I saw a funny cartoon on Facebook recently, where a cat had made a little Zen Garden out of his litter box. A woman commented that her cat had started pooping next to the litter box and they were going to find it a new home. Dozens of angry retorts from cat lovers followed, and while some of the comments were a bit harsh, I think their wrath was justified. Had the woman said she’d tried everything to figure out why the cat was doing this, and asked for help, it would have been a different story.

Unfortunately, there are people who, instead of trying to change this common but undesirable behavior, just dump the cat at the shelter. That doesn’t solve anything, and innocent animals suffer needlessly. It’s absolutely not the cat’s fault that it starts going outside the litter box. There is always a reason, and a responsible pet owner has a duty to figure it out and find a solution. Anything else is just unacceptable. Sometimes it’s not easy, but no one ever said life would be without challenges.

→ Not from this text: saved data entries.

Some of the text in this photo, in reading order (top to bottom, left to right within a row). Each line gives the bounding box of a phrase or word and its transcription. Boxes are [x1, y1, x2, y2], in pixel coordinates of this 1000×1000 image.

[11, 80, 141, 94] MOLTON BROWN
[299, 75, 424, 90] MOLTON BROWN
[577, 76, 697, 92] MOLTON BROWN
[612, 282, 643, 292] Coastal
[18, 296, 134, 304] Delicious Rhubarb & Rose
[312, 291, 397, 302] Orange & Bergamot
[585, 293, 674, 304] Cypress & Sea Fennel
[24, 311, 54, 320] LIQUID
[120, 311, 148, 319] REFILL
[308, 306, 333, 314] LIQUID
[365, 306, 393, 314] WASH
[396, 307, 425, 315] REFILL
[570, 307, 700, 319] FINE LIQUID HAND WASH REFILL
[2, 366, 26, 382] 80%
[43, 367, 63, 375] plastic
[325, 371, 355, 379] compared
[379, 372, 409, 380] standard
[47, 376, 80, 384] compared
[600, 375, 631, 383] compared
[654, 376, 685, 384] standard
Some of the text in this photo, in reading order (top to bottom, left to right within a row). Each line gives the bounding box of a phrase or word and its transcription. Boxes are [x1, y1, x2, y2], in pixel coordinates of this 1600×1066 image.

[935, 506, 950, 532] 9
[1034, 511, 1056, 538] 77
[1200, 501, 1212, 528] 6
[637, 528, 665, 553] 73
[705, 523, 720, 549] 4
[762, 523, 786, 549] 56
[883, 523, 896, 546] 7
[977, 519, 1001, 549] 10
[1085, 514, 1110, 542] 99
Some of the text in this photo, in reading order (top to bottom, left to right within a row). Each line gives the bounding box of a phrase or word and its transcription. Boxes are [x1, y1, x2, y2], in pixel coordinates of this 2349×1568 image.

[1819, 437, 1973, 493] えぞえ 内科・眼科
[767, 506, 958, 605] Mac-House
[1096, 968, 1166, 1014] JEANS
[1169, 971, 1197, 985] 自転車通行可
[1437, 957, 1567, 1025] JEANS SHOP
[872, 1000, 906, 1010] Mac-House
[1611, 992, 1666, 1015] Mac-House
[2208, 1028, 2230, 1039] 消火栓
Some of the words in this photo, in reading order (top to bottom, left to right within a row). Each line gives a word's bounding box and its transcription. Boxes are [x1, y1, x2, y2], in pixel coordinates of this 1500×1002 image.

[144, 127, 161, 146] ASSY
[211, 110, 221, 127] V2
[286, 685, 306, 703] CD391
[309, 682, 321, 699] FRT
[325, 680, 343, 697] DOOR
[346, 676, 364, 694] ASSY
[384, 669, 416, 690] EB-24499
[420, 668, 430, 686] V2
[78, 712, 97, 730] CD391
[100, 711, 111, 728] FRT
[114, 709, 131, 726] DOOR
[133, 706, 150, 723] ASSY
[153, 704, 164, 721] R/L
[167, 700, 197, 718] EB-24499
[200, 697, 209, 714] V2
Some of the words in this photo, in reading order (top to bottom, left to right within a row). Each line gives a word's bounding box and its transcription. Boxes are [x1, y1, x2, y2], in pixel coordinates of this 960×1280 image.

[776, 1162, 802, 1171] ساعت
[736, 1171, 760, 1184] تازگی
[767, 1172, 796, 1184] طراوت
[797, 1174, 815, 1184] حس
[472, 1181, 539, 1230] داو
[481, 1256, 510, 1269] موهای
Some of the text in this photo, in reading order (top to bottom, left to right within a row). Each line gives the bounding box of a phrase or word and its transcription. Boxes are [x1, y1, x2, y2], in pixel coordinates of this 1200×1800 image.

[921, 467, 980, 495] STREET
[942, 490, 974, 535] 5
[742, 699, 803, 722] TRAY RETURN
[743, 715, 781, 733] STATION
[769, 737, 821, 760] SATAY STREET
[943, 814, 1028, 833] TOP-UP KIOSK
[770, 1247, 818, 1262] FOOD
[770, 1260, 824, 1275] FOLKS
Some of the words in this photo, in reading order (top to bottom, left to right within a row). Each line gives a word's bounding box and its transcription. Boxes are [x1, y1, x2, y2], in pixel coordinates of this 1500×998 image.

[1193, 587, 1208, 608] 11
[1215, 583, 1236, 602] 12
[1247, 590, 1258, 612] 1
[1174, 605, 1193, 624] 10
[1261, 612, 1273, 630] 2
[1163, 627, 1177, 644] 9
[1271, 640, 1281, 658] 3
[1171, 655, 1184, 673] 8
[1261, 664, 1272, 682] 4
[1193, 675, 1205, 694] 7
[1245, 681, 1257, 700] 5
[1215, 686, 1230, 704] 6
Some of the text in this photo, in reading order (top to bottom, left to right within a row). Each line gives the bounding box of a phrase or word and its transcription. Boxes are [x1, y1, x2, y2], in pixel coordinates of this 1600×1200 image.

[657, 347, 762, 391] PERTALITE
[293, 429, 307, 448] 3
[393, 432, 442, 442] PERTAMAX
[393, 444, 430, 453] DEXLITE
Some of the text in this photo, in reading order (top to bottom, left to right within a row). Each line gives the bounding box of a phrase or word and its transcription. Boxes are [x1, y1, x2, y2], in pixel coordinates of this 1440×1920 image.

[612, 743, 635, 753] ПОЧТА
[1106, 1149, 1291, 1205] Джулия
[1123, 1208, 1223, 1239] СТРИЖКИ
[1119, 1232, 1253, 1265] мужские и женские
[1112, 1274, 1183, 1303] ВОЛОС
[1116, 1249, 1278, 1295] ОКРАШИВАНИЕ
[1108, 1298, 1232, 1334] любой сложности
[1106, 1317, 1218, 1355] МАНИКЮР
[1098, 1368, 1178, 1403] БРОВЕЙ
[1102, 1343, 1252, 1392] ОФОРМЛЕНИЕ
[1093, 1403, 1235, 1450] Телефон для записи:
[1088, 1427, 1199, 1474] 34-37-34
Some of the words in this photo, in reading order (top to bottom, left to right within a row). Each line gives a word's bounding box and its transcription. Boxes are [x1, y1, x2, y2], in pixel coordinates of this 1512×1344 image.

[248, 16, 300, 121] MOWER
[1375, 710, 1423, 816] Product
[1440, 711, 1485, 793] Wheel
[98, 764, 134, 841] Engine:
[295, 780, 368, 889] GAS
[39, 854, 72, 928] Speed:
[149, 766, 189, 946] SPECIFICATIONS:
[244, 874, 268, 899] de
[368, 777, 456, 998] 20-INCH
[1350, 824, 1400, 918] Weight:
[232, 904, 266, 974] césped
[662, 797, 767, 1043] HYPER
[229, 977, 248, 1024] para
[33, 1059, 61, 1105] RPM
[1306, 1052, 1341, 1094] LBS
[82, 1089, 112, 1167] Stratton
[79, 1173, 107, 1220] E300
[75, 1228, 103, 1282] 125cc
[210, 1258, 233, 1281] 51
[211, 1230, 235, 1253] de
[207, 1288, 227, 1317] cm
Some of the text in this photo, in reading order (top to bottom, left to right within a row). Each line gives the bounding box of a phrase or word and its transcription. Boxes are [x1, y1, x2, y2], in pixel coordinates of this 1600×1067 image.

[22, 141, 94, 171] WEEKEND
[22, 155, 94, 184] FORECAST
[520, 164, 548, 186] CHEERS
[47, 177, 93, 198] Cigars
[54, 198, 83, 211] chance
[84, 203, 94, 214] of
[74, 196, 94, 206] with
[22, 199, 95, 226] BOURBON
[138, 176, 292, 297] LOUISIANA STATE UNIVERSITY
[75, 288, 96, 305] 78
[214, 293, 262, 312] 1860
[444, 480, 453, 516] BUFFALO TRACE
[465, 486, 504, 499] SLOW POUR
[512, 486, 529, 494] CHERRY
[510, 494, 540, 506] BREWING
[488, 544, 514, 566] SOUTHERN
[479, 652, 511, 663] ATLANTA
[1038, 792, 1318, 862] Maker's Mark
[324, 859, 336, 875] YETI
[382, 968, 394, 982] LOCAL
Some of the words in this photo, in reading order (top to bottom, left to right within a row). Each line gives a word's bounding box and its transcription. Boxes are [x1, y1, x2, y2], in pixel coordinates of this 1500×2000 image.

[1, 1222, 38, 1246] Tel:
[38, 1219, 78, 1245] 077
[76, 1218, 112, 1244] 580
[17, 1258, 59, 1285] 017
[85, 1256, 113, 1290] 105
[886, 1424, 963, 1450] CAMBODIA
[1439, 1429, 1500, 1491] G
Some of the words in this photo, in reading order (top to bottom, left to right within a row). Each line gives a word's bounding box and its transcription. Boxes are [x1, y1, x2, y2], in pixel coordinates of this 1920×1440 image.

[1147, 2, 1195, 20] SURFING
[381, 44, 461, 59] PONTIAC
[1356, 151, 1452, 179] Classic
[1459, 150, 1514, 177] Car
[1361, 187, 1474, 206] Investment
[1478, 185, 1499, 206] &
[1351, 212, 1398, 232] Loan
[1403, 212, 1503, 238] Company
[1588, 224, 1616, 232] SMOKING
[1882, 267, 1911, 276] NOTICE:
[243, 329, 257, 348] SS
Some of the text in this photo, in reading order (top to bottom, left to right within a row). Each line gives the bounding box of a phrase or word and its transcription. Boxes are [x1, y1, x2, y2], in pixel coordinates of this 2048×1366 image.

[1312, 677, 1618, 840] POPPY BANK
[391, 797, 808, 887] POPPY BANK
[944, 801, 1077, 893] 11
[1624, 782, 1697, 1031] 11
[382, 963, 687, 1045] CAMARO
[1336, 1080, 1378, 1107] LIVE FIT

There are five main reasons a cat might start “doing his business” outside the litter box. Let’s take a look at them.

A Medical Problem

Many medical issues – including diabetes, cystitis, bladder stones and urethral blockage – can cause a cat to stop using the litter box, and some can be life threatening. Therefore, it’s imperative to take your cat to the vet to rule out a medical problem first, before considering other reasons for the litter box aversion.

Type of Litter

Back in 1947, when Edward Lowe “accidentally” invented the first commercially packaged kitty litter, pet owners weren’t faced with a gazillion choices like they are today. How do we choose one? It depends somewhat on your personal preferences, but in the end it’s really about which one your cat likes and will use. If you love the natural kitty litters made from corn or wheat but your cat doesn’t, guess who has the final say? If you think scented litter smells nice, but your cat (whose sense of smell is infinitely greater than your own) prefers unscented, then unscented is what you’ll have to use. Some litter has a rough texture, and your cat might prefer a finer, sandy feel.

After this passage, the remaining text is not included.